[Free-text object descriptions]
━━━━━━━━━━
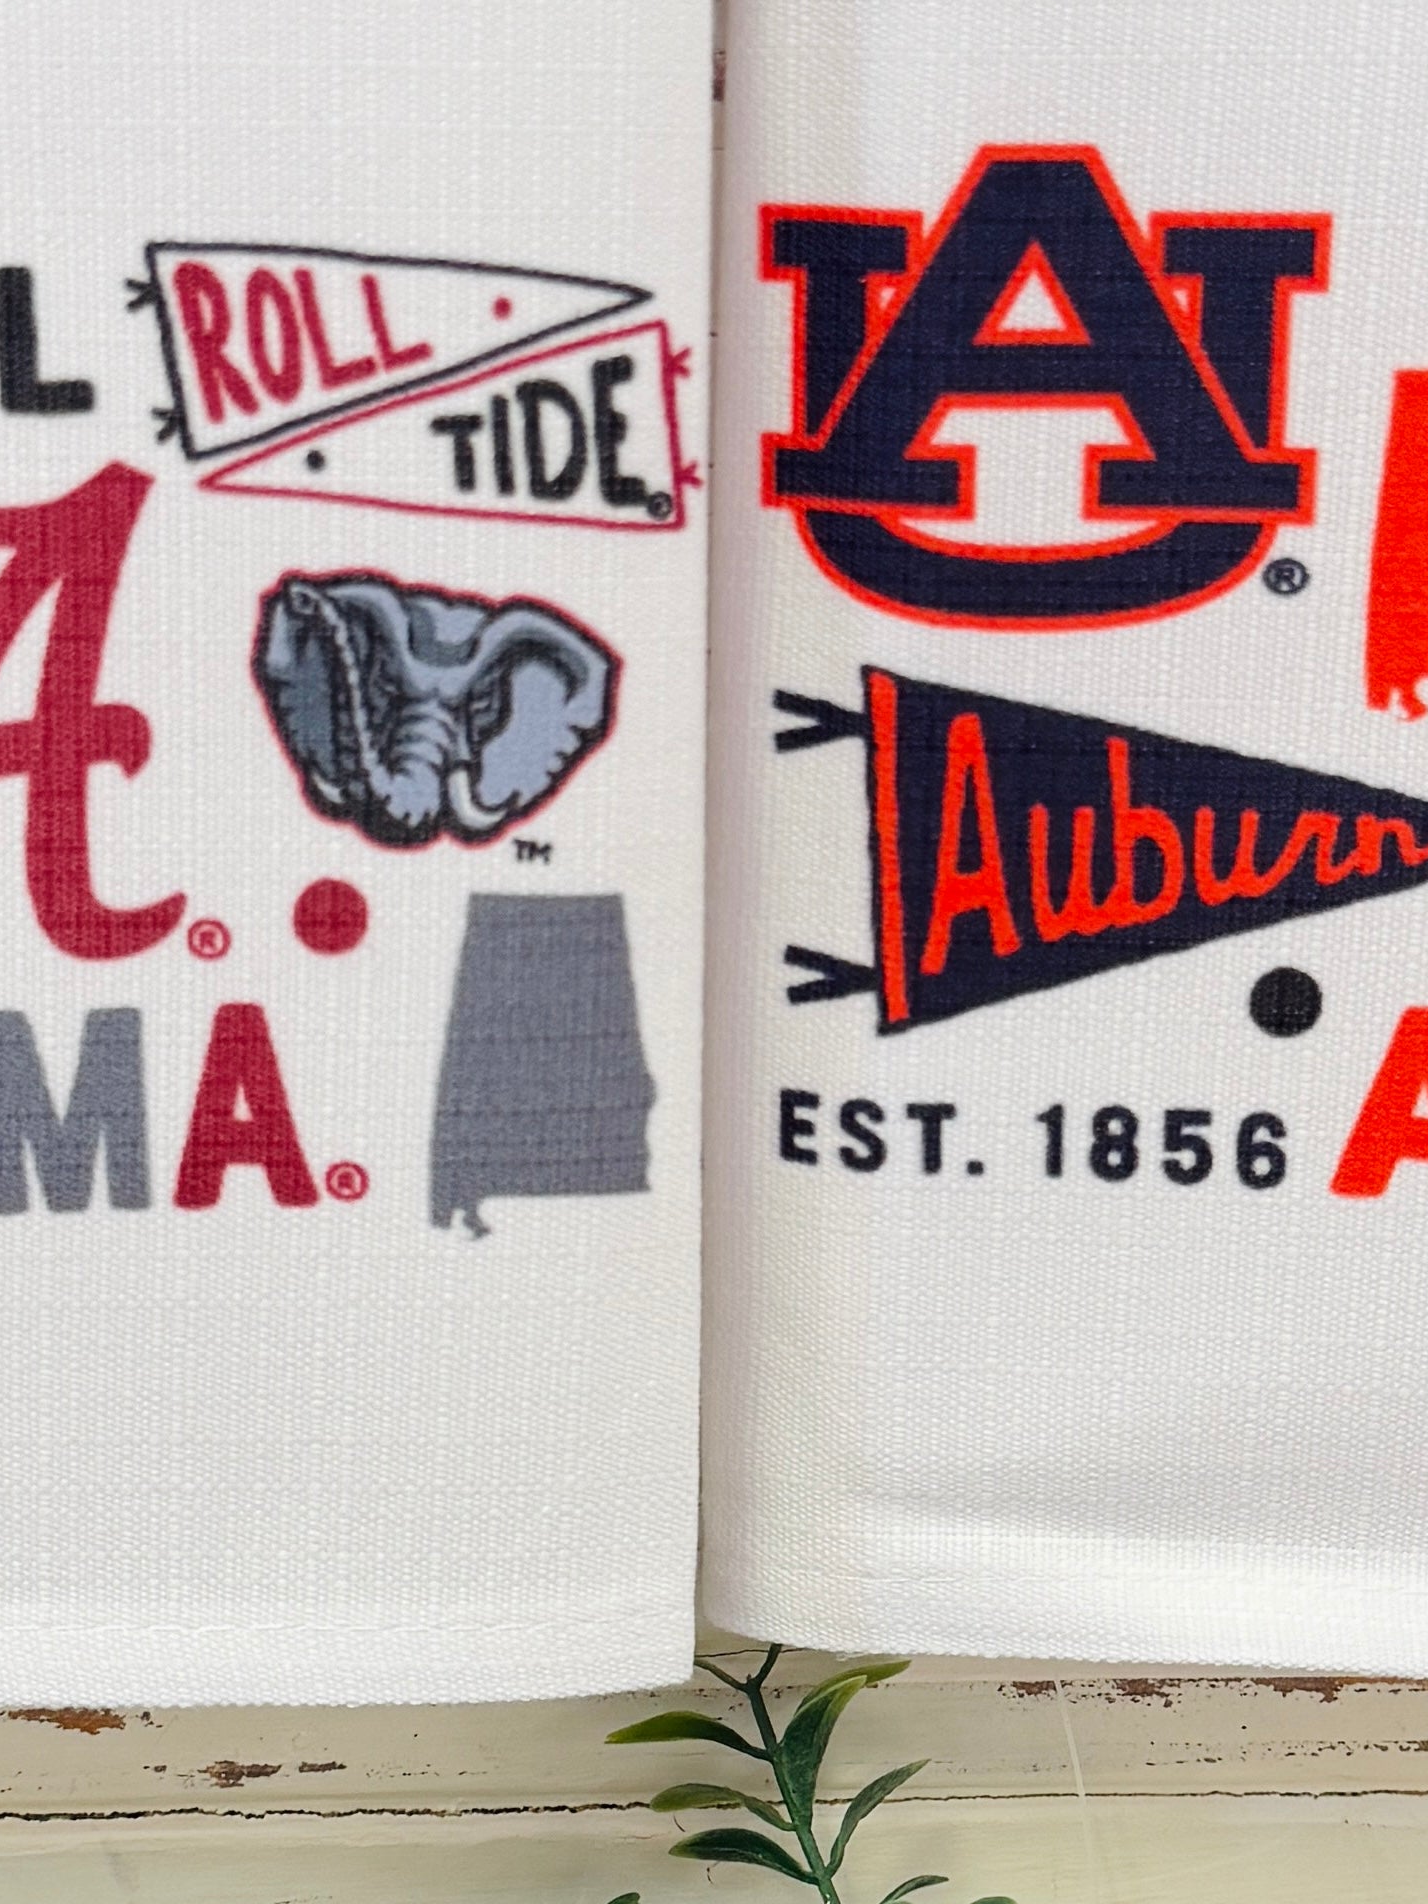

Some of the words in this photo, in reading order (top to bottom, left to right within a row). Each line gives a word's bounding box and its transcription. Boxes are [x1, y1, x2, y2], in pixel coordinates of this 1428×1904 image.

[173, 260, 433, 424] ROLL
[430, 354, 648, 507] TIDE
[779, 1089, 985, 1178] EST.
[1037, 1104, 1289, 1192] 1856
━━━━━━━━━━
--- How to complete this task ---
Write out the data once more exactly, omitting the pictures.

--- Result for this exercise ---
Some of the words in this photo, in reading order (top to bottom, left to right within a row). Each line gives a word's bounding box and its transcription. Boxes are [x1, y1, x2, y2], in pixel coordinates of this 1428×1904 image.

[173, 260, 433, 424] ROLL
[430, 354, 648, 507] TIDE
[779, 1089, 985, 1178] EST.
[1037, 1104, 1289, 1192] 1856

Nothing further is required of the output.